PERCUTANEOUS NEPHROLITHOTOMY: A MINIMAL INVASIVE SURGICAL OPTION FOR THE TREATMENT OF STAGHORN RENAL CALCULI
Main Article Content
Abstract
Objectives: To see the safety and efficacy of percutaneous nephrolithotomy (PCNL) for the treatment of staghorn renal stone.
Methodology: This descriptive study was conducted in Department of Urology and Renal Transplantation, Institute of Kidney Diseases Hayatabad Medical Complex Peshawar, Pakistan from June 2010 to May 2012. A total of 52 patients who underwent PCNL for staghorn renal stones irrespective of the age and gender were selected for this study through the technique of non-probability consecutive sampling. All the procedures were carried out by a single surgeon, under general anesthesia and in prone position. Data was analyzed on a computer using SPSS version 10 for windows XP.

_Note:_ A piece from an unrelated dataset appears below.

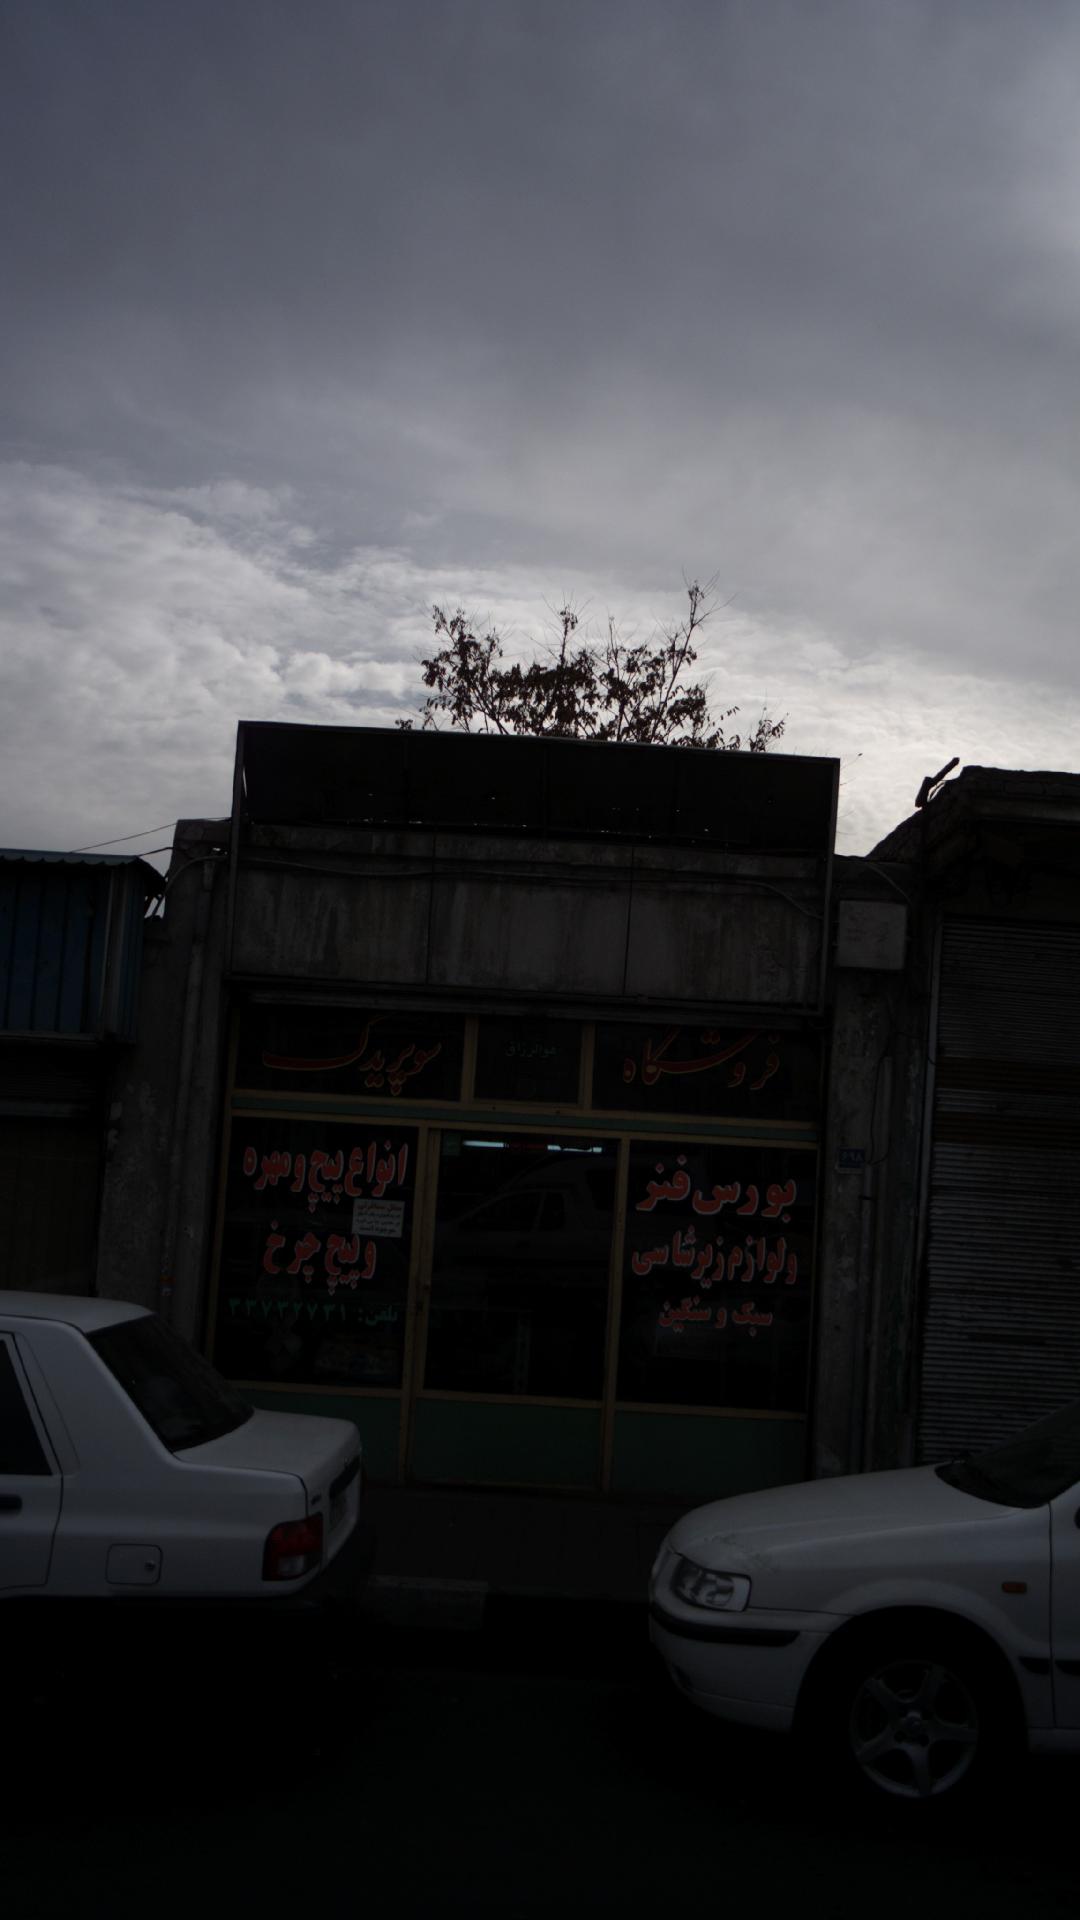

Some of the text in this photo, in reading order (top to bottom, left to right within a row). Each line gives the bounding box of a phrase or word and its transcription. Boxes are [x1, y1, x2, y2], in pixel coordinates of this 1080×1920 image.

Results: Mean age was 35.9±14.5 years (range 7-59 yrs). The average procedure time was 105±19.3 minutes (range 75–180 minutes). The mean size of the stone was 3.9±1.2 cm (range 3.1-5.8 cm). In 41 of 52 (78.84%) patients, complete stone clearance was achieved after a single session of PCNL. The procedure was staged in 04 (7.7%) patients and a repeat PCNL was performed. Complete clearance (including second stage PCNL) was achieved in 44 of 52 (84.61%) patients. With dual therapy (PCNL + shock wave lithotripsy), stone clearance was achieved in 48 of 52 (92.3%) patients. The commonest complication encountered was bleeding in 4/52 (7.7%) patients necessitating blood transfusion. The mean hospital stay was 3±0.9 days and nephrostomy tube was kept for 2 days.
Conclusion: PCNL is safe and effective treatment for staghorn renal calculi associated with less morbidity and shorter hospital stay.
Key Words: Staghorn stone, Percutaneous Nephrolithotomy (PCNL), Efficacy.
This article may be cited as: Ullah A, Khan MK, Rahman AU, Rehman RU. Percutaneous nephrolithotomy: A minimal invasive surgical option for the treatment of staghorn renal calculi. Khyber Med Univ J 2012; 4(4): 156-160.